El ensayo causó revuelo porque aplicaba criterios de la medicina moderna a un caso del siglo XV. Algunos historiadores lo miraron con recelo; otros comprendieron que Marañón no pretendía reducir la historia a un diagnóstico, sino demostrar que los cuerpos y las biografías de los poderosos también merecían una mirada clínica. Para él, la acromegalia de Enrique IV no era la clave de todo su reinado, pero sí una ventana a sus humillaciones, sus alianzas y sus fracasos.
Capítulo IV: Antonio Pérez, el Greco y los fantasmas del pasado
El método no se limitó a Enrique IV. Marañón usó su pulso narrativo y su formación médica para escribir Tiberio, historia de un resentimiento (1939), donde analizó al emperador romano desde la psicología del rencor. Después vino Don Juan (1940), una exploración del mito del seductor que en sus manos adquirió una dimensión cultural y biográfica. En 1947 publicó Antonio Pérez, su gran reconstrucción del secretario de Felipe II, con la que iluminó una de las conspiraciones más turbias del reinado.
En 1956 apareció El Greco y Toledo. Marañón combatió allí una idea muy extendida: la del artista que alargaba las figuras porque padecía astigmatismo. Sostuvo, con argumentos estéticos y documentales, que el griego no deformaba los cuerpos por un defecto de visión, sino por una decisión artística y espiritual. Era una defensa del pintor como creador consciente, no como un enfermo que pintaba mal por culpa de sus ojos.
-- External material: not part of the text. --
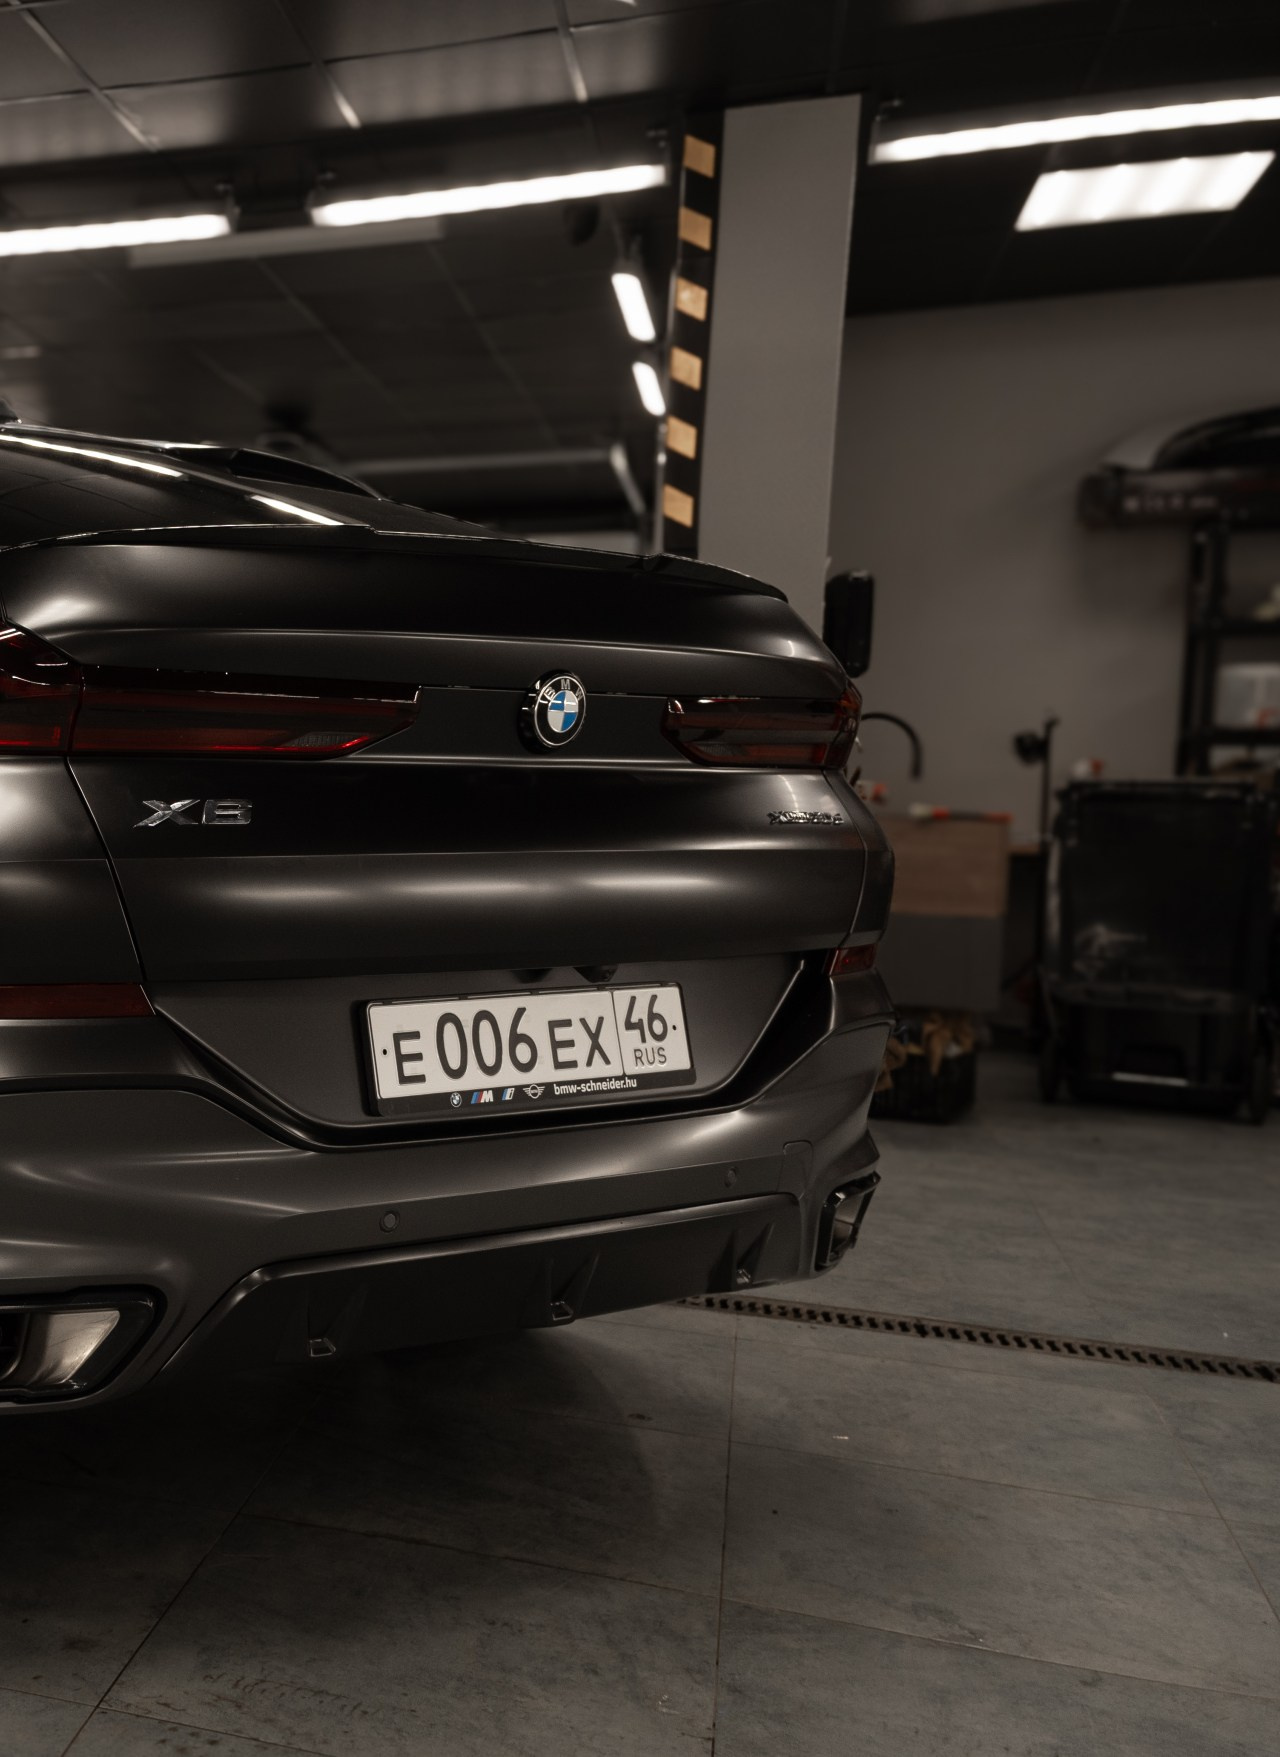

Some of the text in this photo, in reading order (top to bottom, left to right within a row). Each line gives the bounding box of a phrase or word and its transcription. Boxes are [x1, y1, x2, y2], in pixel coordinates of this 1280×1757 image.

Esos libros convirtieron a Marañón en un personaje incómodo para los compartimentos estancos. Los médicos lo veían como historiador; los historiadores, como médico. A él le resultaba natural: la misma atención que dedicaba a una paciente con bocio la dedicaba a un secretario real que huye con papeles comprometedores o a un monarca humillado en la cama. La historia, entendida así, era una clínica retrospectiva.
Capítulo V: La República, el exilio y el regreso
La biografía pública de Marañón no se agota en los hospitales y los libros. En 1931 firmó, junto a José Ortega y Gasset y Ramón Pérez de Ayala, el manifiesto fundacional de la Agrupación al Servicio de la República. Aquel gesto lo situó entre los intelectuales que saludaron el cambio de régimen con esperanza. No era un político profesional, pero su firma pesaba.
La Guerra Civil interrumpió su vida y su trabajo. Salió de España y permaneció una temporada en el extranjero antes de regresar. Los años posteriores fueron de recomposición, de pacientes, de libros, de una influencia discreta pero profunda en la renovación de la medicina española. Marañón no volvió a ocupar en la escena pública el lugar que había tenido, aunque su prestigio científico y literario se mantuvo intacto.
Capítulo VI: Un clínico frente a la historia
Su huella en la medicina española se reconoce todavía en la endocrinología clínica, en la importancia que dio a la relación entre médico y paciente y en sus discípulos dispersos por hospitales y cátedras. No se conformó con fundar servicios o escribir obras influyentes. Dejó un ejemplo de que la medicina, cuando se practica con curiosidad, no termina en la puerta del hospital, sino que se extiende a los archivos, a los cuadros y a las vidas de los muertos ilustres.

La palabra «diagnóstico» se queda corta para definir lo que Marañón hizo con Enrique IV, Antonio Pérez o el Greco. No se trataba de etiquetar con una enfermedad a personajes lejanos, sino de interrogar los documentos como si fueran síntomas. Su gran aportación fue recordar que la historia de España, tantas veces contada como una sucesión de batallas y decretos, también late en los cuerpos, los humores y las glándulas de quienes la protagonizaron.
Gregorio Marañón murió en Madrid el 27 de marzo de 1960. Su consulta ya era leyenda, sus libros circulaban por bibliotecas y sus hipótesis seguían discutiéndose en seminarios. El médico que diagnosticó la historia de España no resolvió todos los enigmas, pero supo dejar abiertas preguntas más interesantes que las respuestas.